> [Aim of the exercise] Please write out every line of the listing without alteration, but omit the images.

> [Available data]
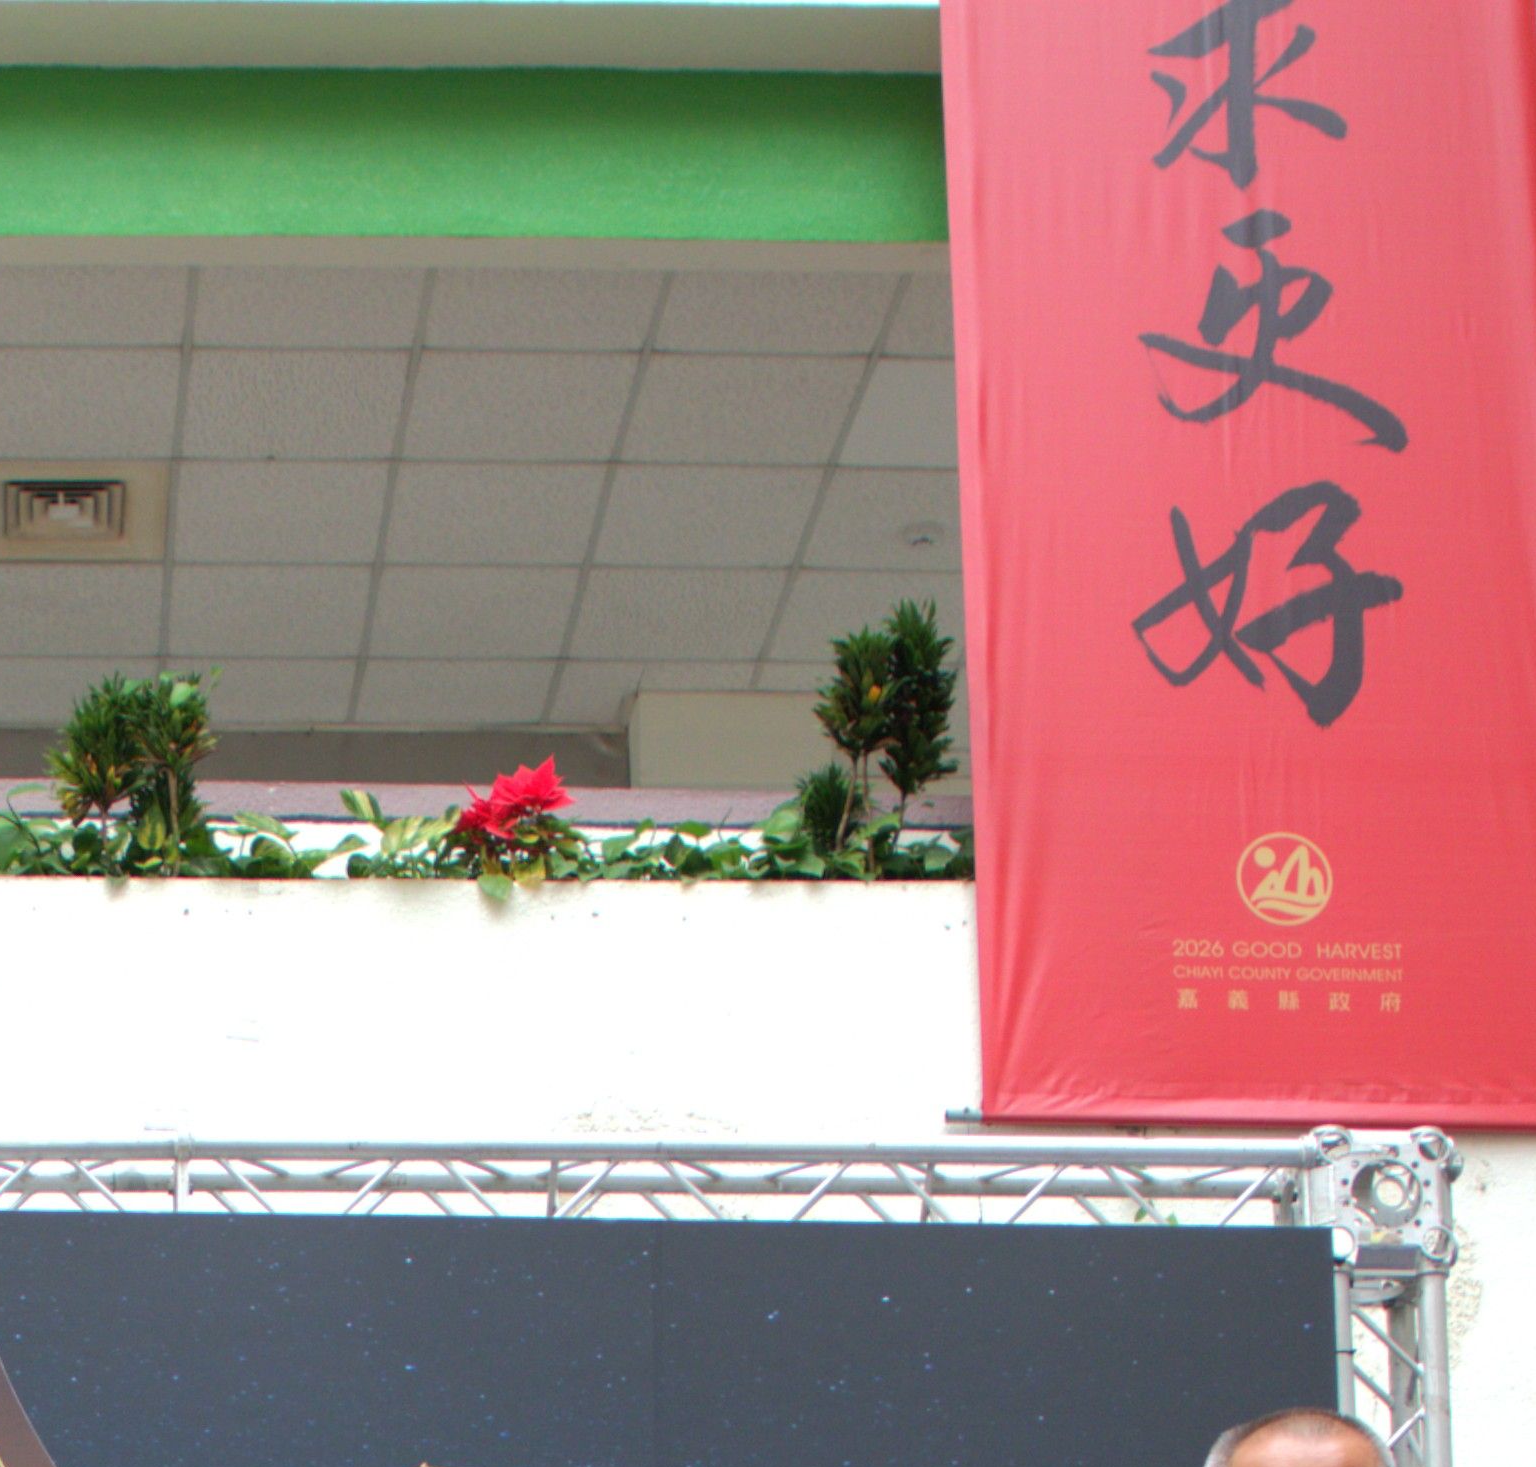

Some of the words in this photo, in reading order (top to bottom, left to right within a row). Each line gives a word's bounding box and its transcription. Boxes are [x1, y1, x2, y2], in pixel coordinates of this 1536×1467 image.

[1172, 939, 1224, 958] 2026
[1232, 941, 1302, 959] GOOD
[1316, 943, 1402, 960] HARVEST
[1173, 965, 1223, 979] CHIAYI
[1229, 966, 1291, 980] COUNTY
[1296, 967, 1403, 982] GOVERNMENT
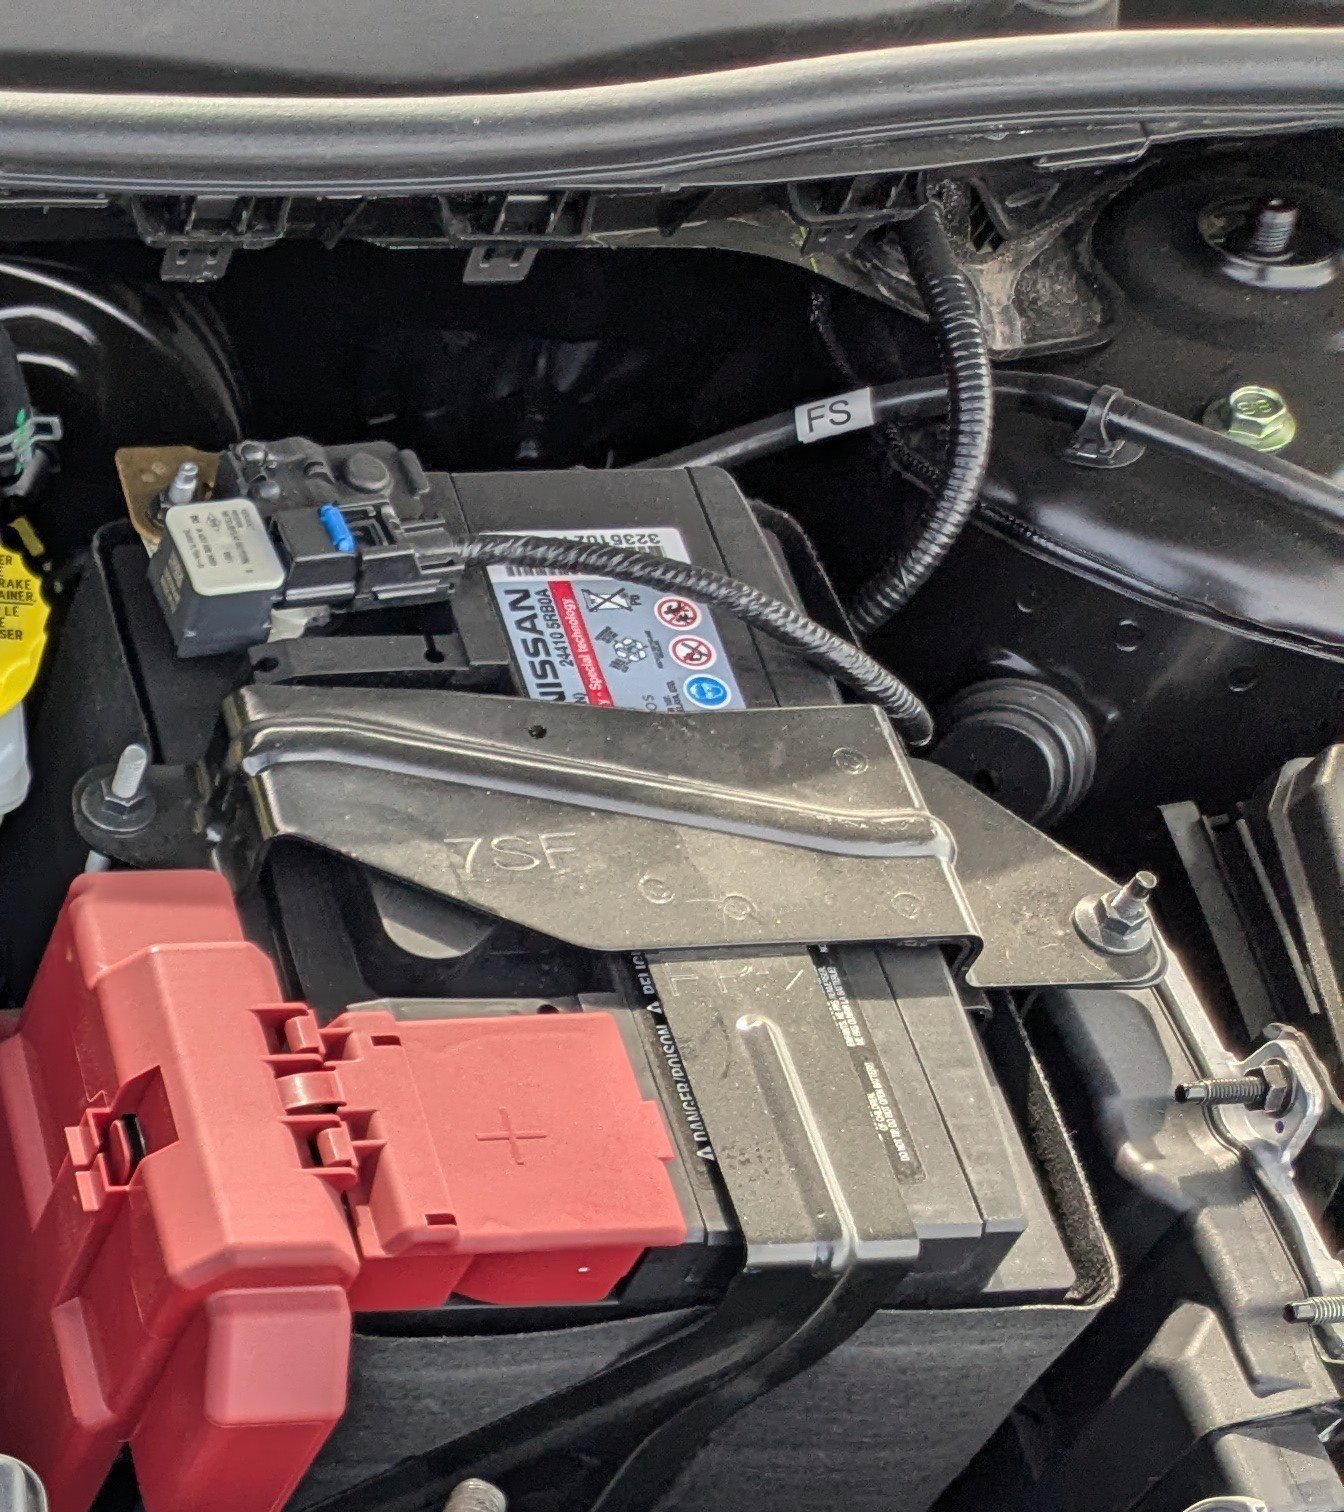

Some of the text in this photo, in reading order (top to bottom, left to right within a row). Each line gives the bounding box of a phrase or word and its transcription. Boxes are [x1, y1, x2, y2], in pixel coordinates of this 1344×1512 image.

[807, 400, 851, 433] FS
[5, 606, 20, 617] LE
[550, 630, 574, 667] 24410
[561, 598, 603, 690] Special technology
[443, 832, 576, 874] 7SF

> [Reply to the exercise]
Some of the words in this photo, in reading order (top to bottom, left to right within a row). Each line gives a word's bounding box and its transcription. Boxes are [x1, y1, x2, y2], in pixel coordinates of this 1536×1467 image.

[1172, 939, 1224, 958] 2026
[1232, 941, 1302, 959] GOOD
[1316, 943, 1402, 960] HARVEST
[1173, 965, 1223, 979] CHIAYI
[1229, 966, 1291, 980] COUNTY
[1296, 967, 1403, 982] GOVERNMENT

Some of the text in this photo, in reading order (top to bottom, left to right within a row). Each line gives the bounding box of a phrase or word and its transcription. Boxes are [x1, y1, x2, y2], in pixel coordinates of this 1344×1512 image.

[807, 400, 851, 433] FS
[5, 606, 20, 617] LE
[550, 630, 574, 667] 24410
[561, 598, 603, 690] Special technology
[443, 832, 576, 874] 7SF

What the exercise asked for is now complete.